A conclusão é de um estudo que, com base na memória coletiva de dez povos indígenas e comunidades locais, revela uma redução de até 72% da massa corporal média das aves que vivem nessas três regiões entre 1940 e 2020.

Filipe Pimentel Rações

As aves que atualmente vivem em muitos territórios em África, na América Latina e na Ásia são, em média, muito mais pequenas do que aquelas que aí abundavam na década de 1940.

A conclusão é de um estudo, publicado recentemente na revista ‘Oryx’, que, com base na memória coletiva de dez povos indígenas e comunidades locais, revela uma redução de até 72% da massa corporal média das espécies de aves que vivem nessas três regiões entre 1940 e 2020.

O trabalho, que foi liderado pelo Instituto de Ciência e Tecnologia Ambientais da Universidade Autónoma de Barcelona (Espanha), envolveu inquéritos a 1.434 participantes adultos.

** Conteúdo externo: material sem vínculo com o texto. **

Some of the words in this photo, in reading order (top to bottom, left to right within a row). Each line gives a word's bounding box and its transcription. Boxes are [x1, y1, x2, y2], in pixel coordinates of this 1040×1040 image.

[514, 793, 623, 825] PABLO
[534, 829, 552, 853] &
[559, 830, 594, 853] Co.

Foi possível obter testemunhos relativos a 283 espécies de aves, e, daí, comparar as espécies mais frequentemente avistadas pelos participantes durante as suas infâncias e comparar esses dados com as que atualmente vivem nos seus territórios.

A equipa de investigadores diz que os resultados são claros: espécies de aves de maiores dimensões têm vindo a desaparecer progressivamente, sendo substituídas por espécies mais pequenas. Ao passo que na década de 1940 a massa corporal média das espécies de aves reportadas ultrapassava as 1.500 gramas, na década de 2020 já rondava uma média de 535 gramas.

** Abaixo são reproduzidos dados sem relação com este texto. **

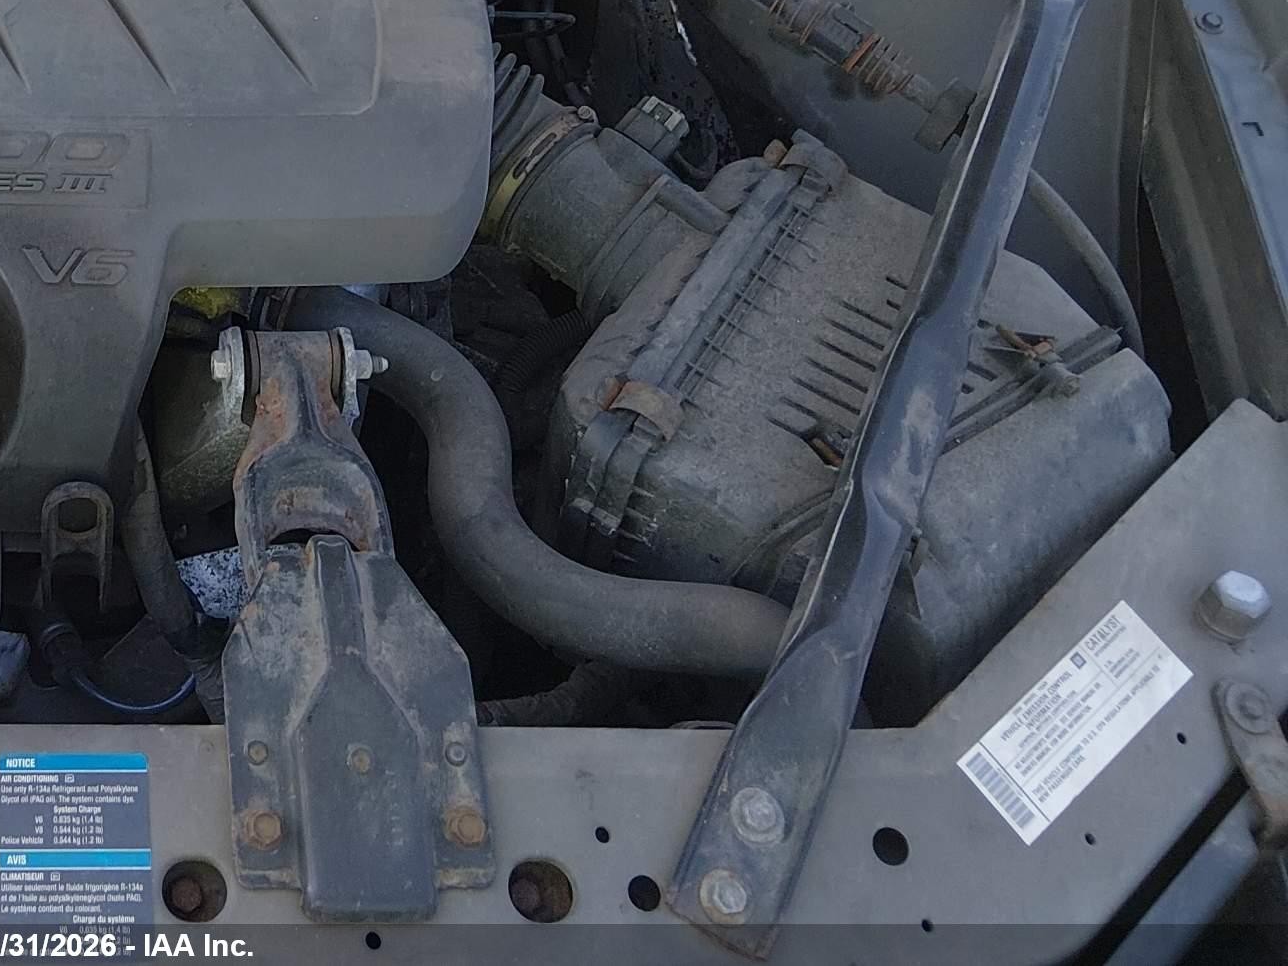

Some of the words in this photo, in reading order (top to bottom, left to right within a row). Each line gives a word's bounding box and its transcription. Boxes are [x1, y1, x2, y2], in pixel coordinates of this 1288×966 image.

[55, 173, 112, 194] III
[21, 244, 134, 286] V6
[1083, 614, 1121, 652] CATALYST
[6, 758, 36, 768] NOTICE
[1, 785, 12, 793] Use
[14, 785, 26, 793] only
[28, 785, 50, 793] R-134a
[52, 785, 86, 793] Refrigerant
[88, 785, 99, 793] and
[100, 785, 138, 793] Polyalkylene
[1, 796, 20, 804] Glycol
[20, 796, 28, 804] oil
[59, 796, 70, 804] The
[71, 796, 94, 804] system
[94, 796, 121, 804] contains
[54, 806, 77, 814] System
[78, 806, 102, 814] Charge
[72, 816, 80, 824] kg
[72, 826, 80, 834] kg
[1, 836, 20, 844] Police
[20, 836, 44, 844] Vehicle
[72, 836, 80, 844] kg
[6, 855, 26, 865] AVIS
[0, 873, 44, 881] CLIMATISEUR
[0, 884, 22, 892] Utiliser
[24, 884, 57, 892] seulement
[58, 884, 64, 892] le
[66, 884, 84, 892] fluide
[120, 884, 144, 892] R-134a
[0, 894, 8, 903] et
[8, 894, 17, 903] de
[38, 894, 47, 903] au
[0, 904, 8, 913] Le
[38, 904, 64, 913] contient
[64, 904, 74, 913] du
[72, 915, 96, 924] Charge
[97, 915, 106, 924] du

As cinco aves mais mencionadas nos 10 locais de estudo: à esquerda, as espécies mais abundantes no passado; à direita, as espécies mais abundantes atualmente. Entre parênteses, o número de relatos que mencionam a espécie e o peso em gramas. Fotos: Daniel Burgas (A. anser, D. adsimilis, P. pica, P. montanus and S. semitorquata), Joan de la Malla (M. tuberosum, P. jacquacu and P. colchicus), Vedant Kasambe (A. gulgula) and Andrew Bazdyrev (S. paradoxus).

Para Álvaro Fernández-Llamazares, primeiro autor do artigo, essa alteração poderá dever-se a extinções locais de espécies de aves maiores, que são mais vulneráveis à caça, à perda de habitat e a impactos humanos como o desenvolvimento de infraestruturas. Contudo, o investigador diz também que poderá estar relacionada com “transformações sociais profundas” que alteraram a forma como as comunidades locais se relacionam com o ambiente à sua volta, de tal forma que atualmente possam não reparar tanto numas espécies e atentar mais noutras.

A equipa argumenta que esta investigação pretende também destacar a importância do conhecimento próximo e longevo dos povos indígenas e das comunidades locais sobre os mundos não-humanos com os quais vivem há décadas, séculos ou mesmo milénios.

“Defendemos um diálogo respeitoso e equitativo entre os sistemas de conhecimento científico e indígena, reconhecendo o seu valor intrínseco e o seu potencial para fortalecer as políticas de biodiversidade e as práticas de conservação”, salienta Fernández-Llamazares.

Dizem os investigadores que a perda de espécies de aves de maior porte não tem apenas consequências ecológicas, como o desaparecimento de algumas funções fundamentais nos ecossistemas, como a dispersão de sementes, mas também tem implicações culturais, pois muitas dessas aves que estão a desaparecer fazem parte da identidade, da memória e das práticas cultuais de muitas comunidades pelo mundo fora.